BEGIN INPUT DATA

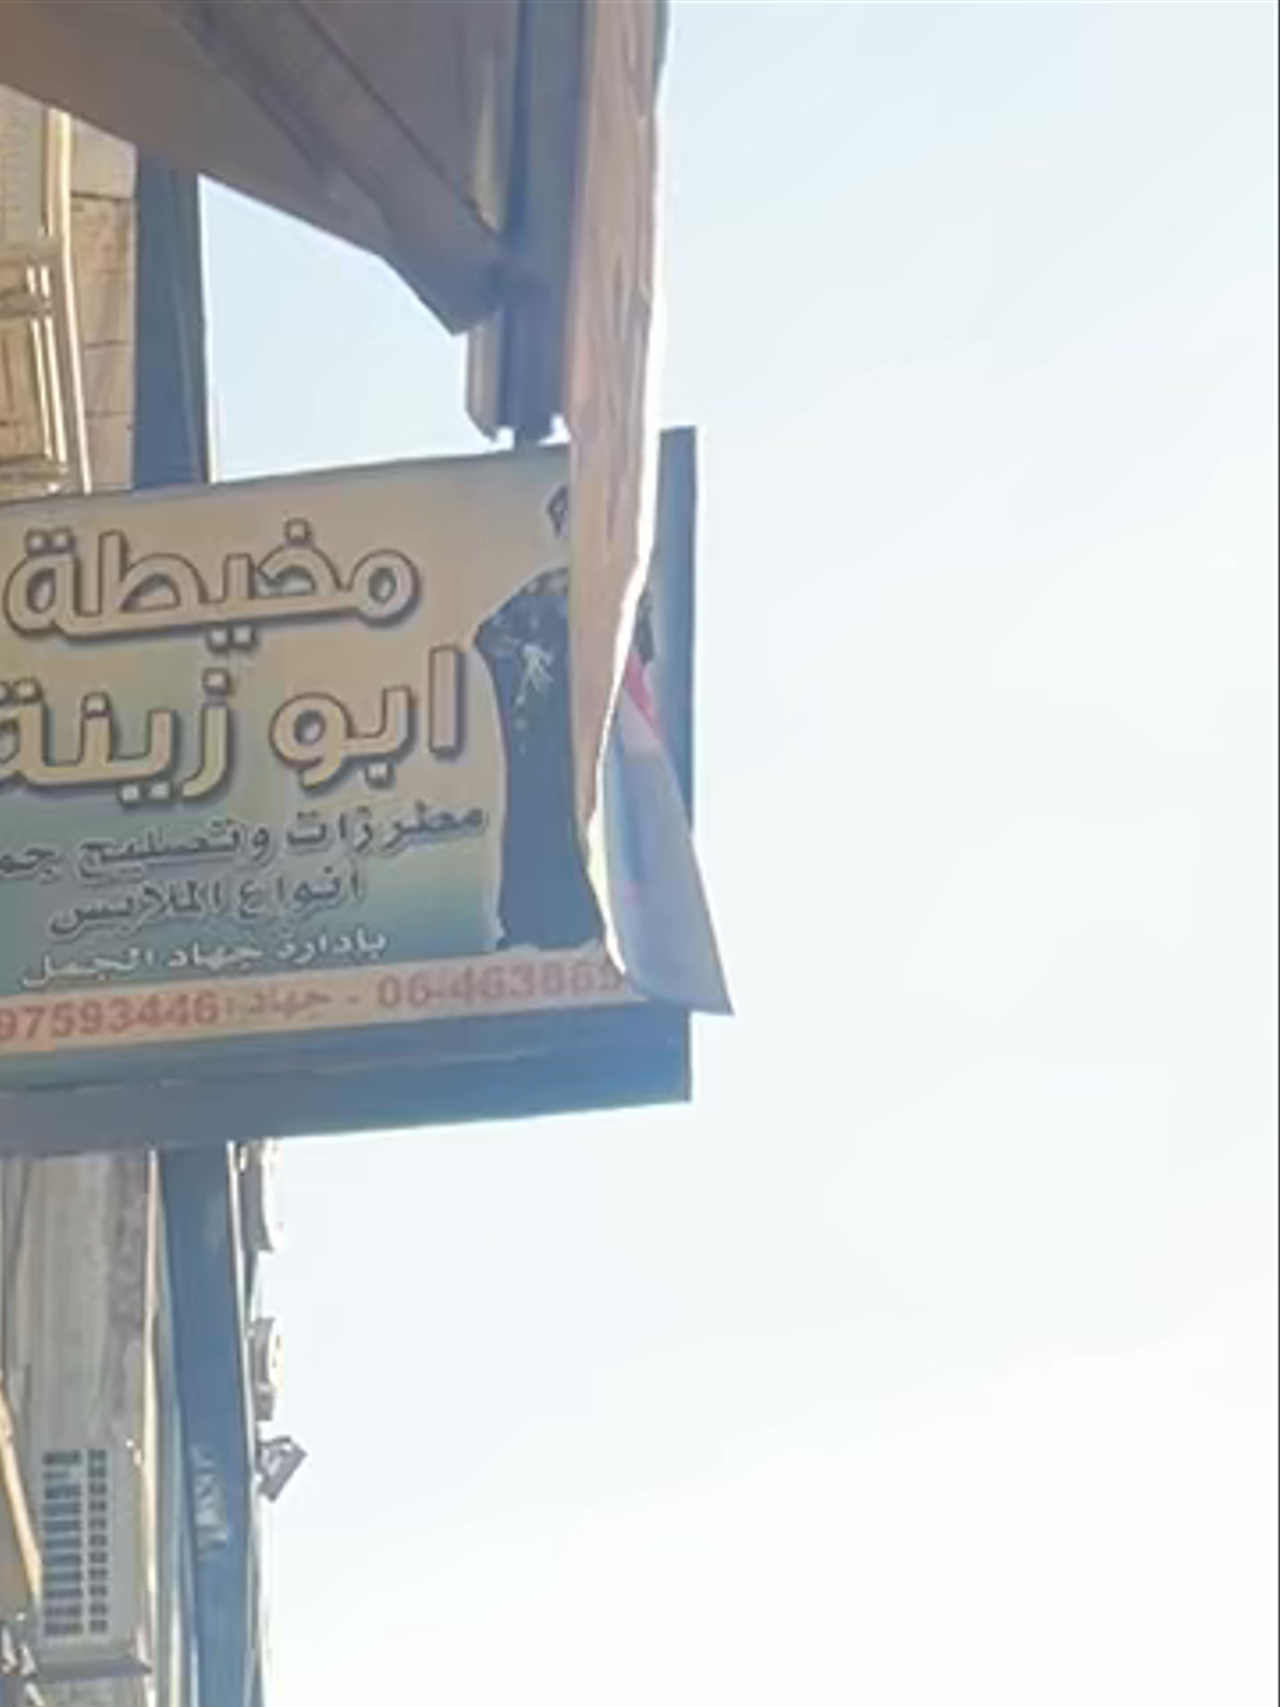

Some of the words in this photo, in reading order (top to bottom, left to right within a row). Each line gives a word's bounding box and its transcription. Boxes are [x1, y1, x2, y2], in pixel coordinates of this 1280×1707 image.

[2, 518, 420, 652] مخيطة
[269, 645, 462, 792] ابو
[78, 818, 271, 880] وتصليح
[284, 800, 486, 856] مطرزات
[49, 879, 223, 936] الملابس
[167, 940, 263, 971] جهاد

END INPUT DATA

→ EXERCISE BRIEF
Retype the records above line for line and exactly, omitting their pictures.

→ TASK RESULT
Some of the words in this photo, in reading order (top to bottom, left to right within a row). Each line gives a word's bounding box and its transcription. Boxes are [x1, y1, x2, y2], in pixel coordinates of this 1280×1707 image.

[2, 518, 420, 652] مخيطة
[269, 645, 462, 792] ابو
[78, 818, 271, 880] وتصليح
[284, 800, 486, 856] مطرزات
[49, 879, 223, 936] الملابس
[167, 940, 263, 971] جهاد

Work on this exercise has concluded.